*EXERCISE GOAL*. If an entry below holds a picture, leave the picture out and print the rest exactly.

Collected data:
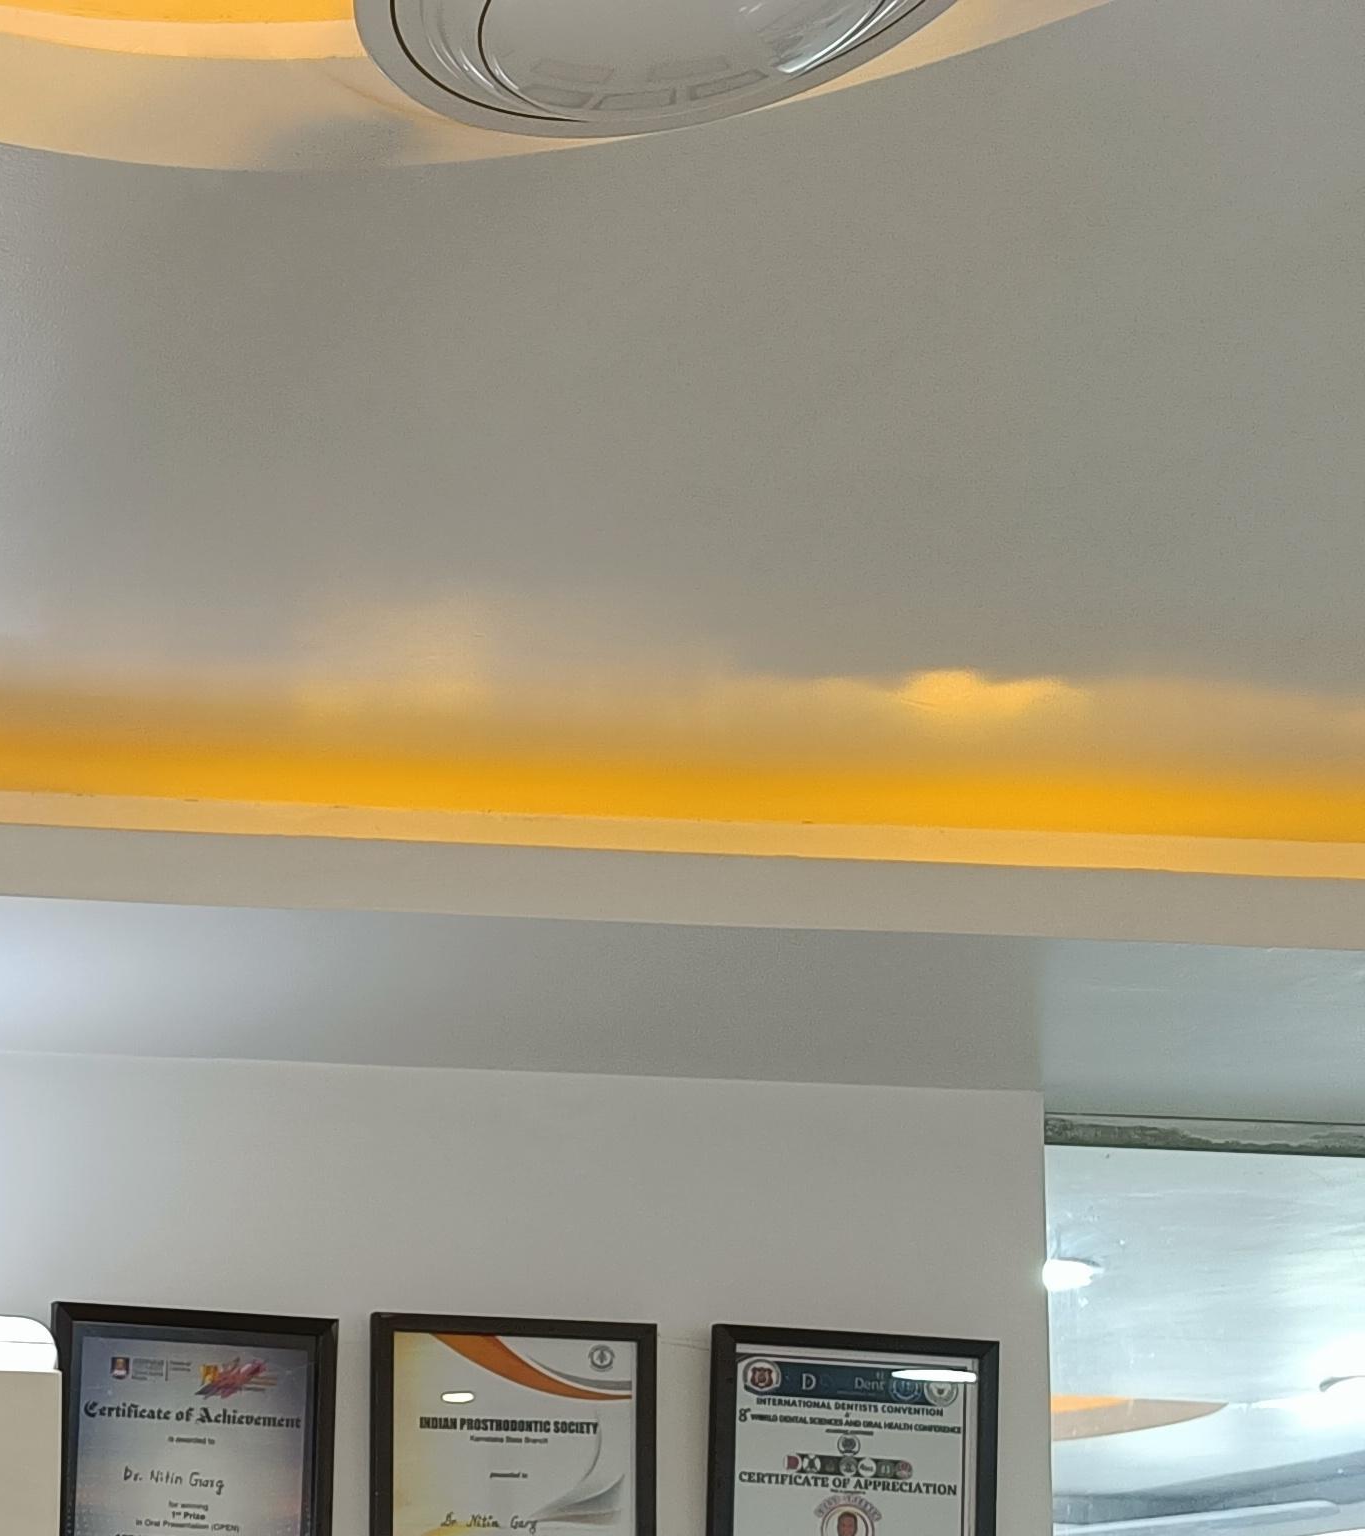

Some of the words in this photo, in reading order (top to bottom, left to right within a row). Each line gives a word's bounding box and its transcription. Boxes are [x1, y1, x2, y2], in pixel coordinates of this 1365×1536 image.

[84, 1402, 171, 1421] Certificate
[175, 1407, 194, 1422] of
[196, 1407, 301, 1429] Achievement
[756, 1397, 831, 1410] INTERNATIONAL
[835, 1402, 878, 1413] DENTISTS
[881, 1405, 943, 1417] CONVENTION
[419, 1417, 457, 1430] INDIAN
[460, 1417, 551, 1433] PROSTHODONTIC
[554, 1421, 598, 1435] SOCIETY
[780, 1415, 808, 1424] DENTAL
[810, 1417, 843, 1425] SCIENCES
[845, 1418, 861, 1427] AND
[863, 1420, 882, 1429] ORAL
[884, 1422, 912, 1431] HEALTH
[914, 1424, 962, 1434] CONFERENCE
[150, 1470, 183, 1485] Nitin
[739, 1471, 829, 1488] CERTIFICATE
[832, 1477, 852, 1489] OF
[854, 1478, 957, 1495] APPRECIATION
[184, 1512, 205, 1520] Prize

*OUTPUT FOR THIS EXERCISE*.
Some of the words in this photo, in reading order (top to bottom, left to right within a row). Each line gives a word's bounding box and its transcription. Boxes are [x1, y1, x2, y2], in pixel coordinates of this 1365×1536 image.

[84, 1402, 171, 1421] Certificate
[175, 1407, 194, 1422] of
[196, 1407, 301, 1429] Achievement
[756, 1397, 831, 1410] INTERNATIONAL
[835, 1402, 878, 1413] DENTISTS
[881, 1405, 943, 1417] CONVENTION
[419, 1417, 457, 1430] INDIAN
[460, 1417, 551, 1433] PROSTHODONTIC
[554, 1421, 598, 1435] SOCIETY
[780, 1415, 808, 1424] DENTAL
[810, 1417, 843, 1425] SCIENCES
[845, 1418, 861, 1427] AND
[863, 1420, 882, 1429] ORAL
[884, 1422, 912, 1431] HEALTH
[914, 1424, 962, 1434] CONFERENCE
[150, 1470, 183, 1485] Nitin
[739, 1471, 829, 1488] CERTIFICATE
[832, 1477, 852, 1489] OF
[854, 1478, 957, 1495] APPRECIATION
[184, 1512, 205, 1520] Prize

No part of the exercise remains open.